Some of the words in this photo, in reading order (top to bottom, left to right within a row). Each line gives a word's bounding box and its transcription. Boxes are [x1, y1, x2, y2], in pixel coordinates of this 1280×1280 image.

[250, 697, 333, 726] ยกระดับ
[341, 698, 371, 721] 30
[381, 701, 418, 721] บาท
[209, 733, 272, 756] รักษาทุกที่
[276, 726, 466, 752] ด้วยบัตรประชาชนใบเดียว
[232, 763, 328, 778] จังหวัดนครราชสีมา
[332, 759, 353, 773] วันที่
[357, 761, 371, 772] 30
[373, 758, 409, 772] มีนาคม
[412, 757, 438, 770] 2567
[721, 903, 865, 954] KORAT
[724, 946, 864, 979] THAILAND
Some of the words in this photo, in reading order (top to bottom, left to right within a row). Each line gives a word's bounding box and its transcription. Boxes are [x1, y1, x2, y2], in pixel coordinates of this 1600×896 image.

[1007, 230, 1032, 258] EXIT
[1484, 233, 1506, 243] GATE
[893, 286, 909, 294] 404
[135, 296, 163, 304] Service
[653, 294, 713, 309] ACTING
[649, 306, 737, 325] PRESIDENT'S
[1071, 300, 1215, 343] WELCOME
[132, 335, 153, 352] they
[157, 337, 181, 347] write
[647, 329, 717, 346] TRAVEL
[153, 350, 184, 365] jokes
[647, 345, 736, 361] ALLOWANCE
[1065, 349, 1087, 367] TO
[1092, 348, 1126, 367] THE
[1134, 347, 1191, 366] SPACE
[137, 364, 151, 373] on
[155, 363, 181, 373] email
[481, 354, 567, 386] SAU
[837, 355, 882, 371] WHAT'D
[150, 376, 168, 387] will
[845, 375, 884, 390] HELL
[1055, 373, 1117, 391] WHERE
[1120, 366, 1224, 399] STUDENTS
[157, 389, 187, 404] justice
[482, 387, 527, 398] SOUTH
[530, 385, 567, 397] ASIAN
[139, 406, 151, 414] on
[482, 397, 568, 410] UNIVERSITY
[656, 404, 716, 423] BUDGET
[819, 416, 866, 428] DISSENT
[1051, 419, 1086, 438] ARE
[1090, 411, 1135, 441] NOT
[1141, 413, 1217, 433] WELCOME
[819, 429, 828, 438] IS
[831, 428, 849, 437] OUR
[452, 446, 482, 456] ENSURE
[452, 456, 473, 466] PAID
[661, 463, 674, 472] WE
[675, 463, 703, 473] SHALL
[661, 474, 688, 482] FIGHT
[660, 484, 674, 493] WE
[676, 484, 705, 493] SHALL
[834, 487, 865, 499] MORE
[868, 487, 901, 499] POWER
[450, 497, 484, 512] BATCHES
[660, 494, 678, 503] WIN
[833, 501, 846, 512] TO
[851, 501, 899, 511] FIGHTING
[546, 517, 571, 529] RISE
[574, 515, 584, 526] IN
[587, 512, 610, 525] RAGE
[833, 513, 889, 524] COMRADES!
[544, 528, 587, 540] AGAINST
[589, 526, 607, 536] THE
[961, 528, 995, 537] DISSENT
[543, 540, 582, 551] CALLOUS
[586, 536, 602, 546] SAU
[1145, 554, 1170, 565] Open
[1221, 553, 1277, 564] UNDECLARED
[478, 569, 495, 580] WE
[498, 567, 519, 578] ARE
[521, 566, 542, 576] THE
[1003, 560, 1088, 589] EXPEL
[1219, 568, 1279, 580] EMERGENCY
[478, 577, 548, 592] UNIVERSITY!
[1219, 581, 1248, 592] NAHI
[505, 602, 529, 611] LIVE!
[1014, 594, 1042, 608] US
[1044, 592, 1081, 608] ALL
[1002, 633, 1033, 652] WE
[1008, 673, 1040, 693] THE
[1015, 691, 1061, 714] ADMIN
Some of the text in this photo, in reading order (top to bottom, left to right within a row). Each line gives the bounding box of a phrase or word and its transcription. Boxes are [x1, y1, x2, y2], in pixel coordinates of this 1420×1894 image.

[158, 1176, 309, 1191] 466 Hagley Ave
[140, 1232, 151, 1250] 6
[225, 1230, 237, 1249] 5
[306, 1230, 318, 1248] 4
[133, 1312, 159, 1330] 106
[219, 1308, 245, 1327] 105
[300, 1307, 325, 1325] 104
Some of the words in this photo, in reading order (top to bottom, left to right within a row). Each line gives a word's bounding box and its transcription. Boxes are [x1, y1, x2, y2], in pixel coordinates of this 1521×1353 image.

**What the task asks**
Each record must be output word for word.

**Result of this task**
Some of the words in this photo, in reading order (top to bottom, left to right within a row). Each line gives a word's bounding box and its transcription. Boxes are [x1, y1, x2, y2], in pixel coordinates of this 1280×1280 image.

[250, 697, 333, 726] ยกระดับ
[341, 698, 371, 721] 30
[381, 701, 418, 721] บาท
[209, 733, 272, 756] รักษาทุกที่
[276, 726, 466, 752] ด้วยบัตรประชาชนใบเดียว
[232, 763, 328, 778] จังหวัดนครราชสีมา
[332, 759, 353, 773] วันที่
[357, 761, 371, 772] 30
[373, 758, 409, 772] มีนาคม
[412, 757, 438, 770] 2567
[721, 903, 865, 954] KORAT
[724, 946, 864, 979] THAILAND
Some of the words in this photo, in reading order (top to bottom, left to right within a row). Each line gives a word's bounding box and its transcription. Boxes are [x1, y1, x2, y2], in pixel coordinates of this 1600×896 image.

[1007, 230, 1032, 258] EXIT
[1484, 233, 1506, 243] GATE
[893, 286, 909, 294] 404
[135, 296, 163, 304] Service
[653, 294, 713, 309] ACTING
[649, 306, 737, 325] PRESIDENT'S
[1071, 300, 1215, 343] WELCOME
[132, 335, 153, 352] they
[157, 337, 181, 347] write
[647, 329, 717, 346] TRAVEL
[153, 350, 184, 365] jokes
[647, 345, 736, 361] ALLOWANCE
[1065, 349, 1087, 367] TO
[1092, 348, 1126, 367] THE
[1134, 347, 1191, 366] SPACE
[137, 364, 151, 373] on
[155, 363, 181, 373] email
[481, 354, 567, 386] SAU
[837, 355, 882, 371] WHAT'D
[150, 376, 168, 387] will
[845, 375, 884, 390] HELL
[1055, 373, 1117, 391] WHERE
[1120, 366, 1224, 399] STUDENTS
[157, 389, 187, 404] justice
[482, 387, 527, 398] SOUTH
[530, 385, 567, 397] ASIAN
[139, 406, 151, 414] on
[482, 397, 568, 410] UNIVERSITY
[656, 404, 716, 423] BUDGET
[819, 416, 866, 428] DISSENT
[1051, 419, 1086, 438] ARE
[1090, 411, 1135, 441] NOT
[1141, 413, 1217, 433] WELCOME
[819, 429, 828, 438] IS
[831, 428, 849, 437] OUR
[452, 446, 482, 456] ENSURE
[452, 456, 473, 466] PAID
[661, 463, 674, 472] WE
[675, 463, 703, 473] SHALL
[661, 474, 688, 482] FIGHT
[660, 484, 674, 493] WE
[676, 484, 705, 493] SHALL
[834, 487, 865, 499] MORE
[868, 487, 901, 499] POWER
[450, 497, 484, 512] BATCHES
[660, 494, 678, 503] WIN
[833, 501, 846, 512] TO
[851, 501, 899, 511] FIGHTING
[546, 517, 571, 529] RISE
[574, 515, 584, 526] IN
[587, 512, 610, 525] RAGE
[833, 513, 889, 524] COMRADES!
[544, 528, 587, 540] AGAINST
[589, 526, 607, 536] THE
[961, 528, 995, 537] DISSENT
[543, 540, 582, 551] CALLOUS
[586, 536, 602, 546] SAU
[1145, 554, 1170, 565] Open
[1221, 553, 1277, 564] UNDECLARED
[478, 569, 495, 580] WE
[498, 567, 519, 578] ARE
[521, 566, 542, 576] THE
[1003, 560, 1088, 589] EXPEL
[1219, 568, 1279, 580] EMERGENCY
[478, 577, 548, 592] UNIVERSITY!
[1219, 581, 1248, 592] NAHI
[505, 602, 529, 611] LIVE!
[1014, 594, 1042, 608] US
[1044, 592, 1081, 608] ALL
[1002, 633, 1033, 652] WE
[1008, 673, 1040, 693] THE
[1015, 691, 1061, 714] ADMIN
Some of the text in this photo, in reading order (top to bottom, left to right within a row). Each line gives the bounding box of a phrase or word and its transcription. Boxes are [x1, y1, x2, y2], in pixel coordinates of this 1420×1894 image.

[158, 1176, 309, 1191] 466 Hagley Ave
[140, 1232, 151, 1250] 6
[225, 1230, 237, 1249] 5
[306, 1230, 318, 1248] 4
[133, 1312, 159, 1330] 106
[219, 1308, 245, 1327] 105
[300, 1307, 325, 1325] 104
Some of the words in this photo, in reading order (top to bottom, left to right within a row). Each line gives a word's bounding box and its transcription. Boxes are [x1, y1, x2, y2], in pixel coordinates of this 1521×1353 image.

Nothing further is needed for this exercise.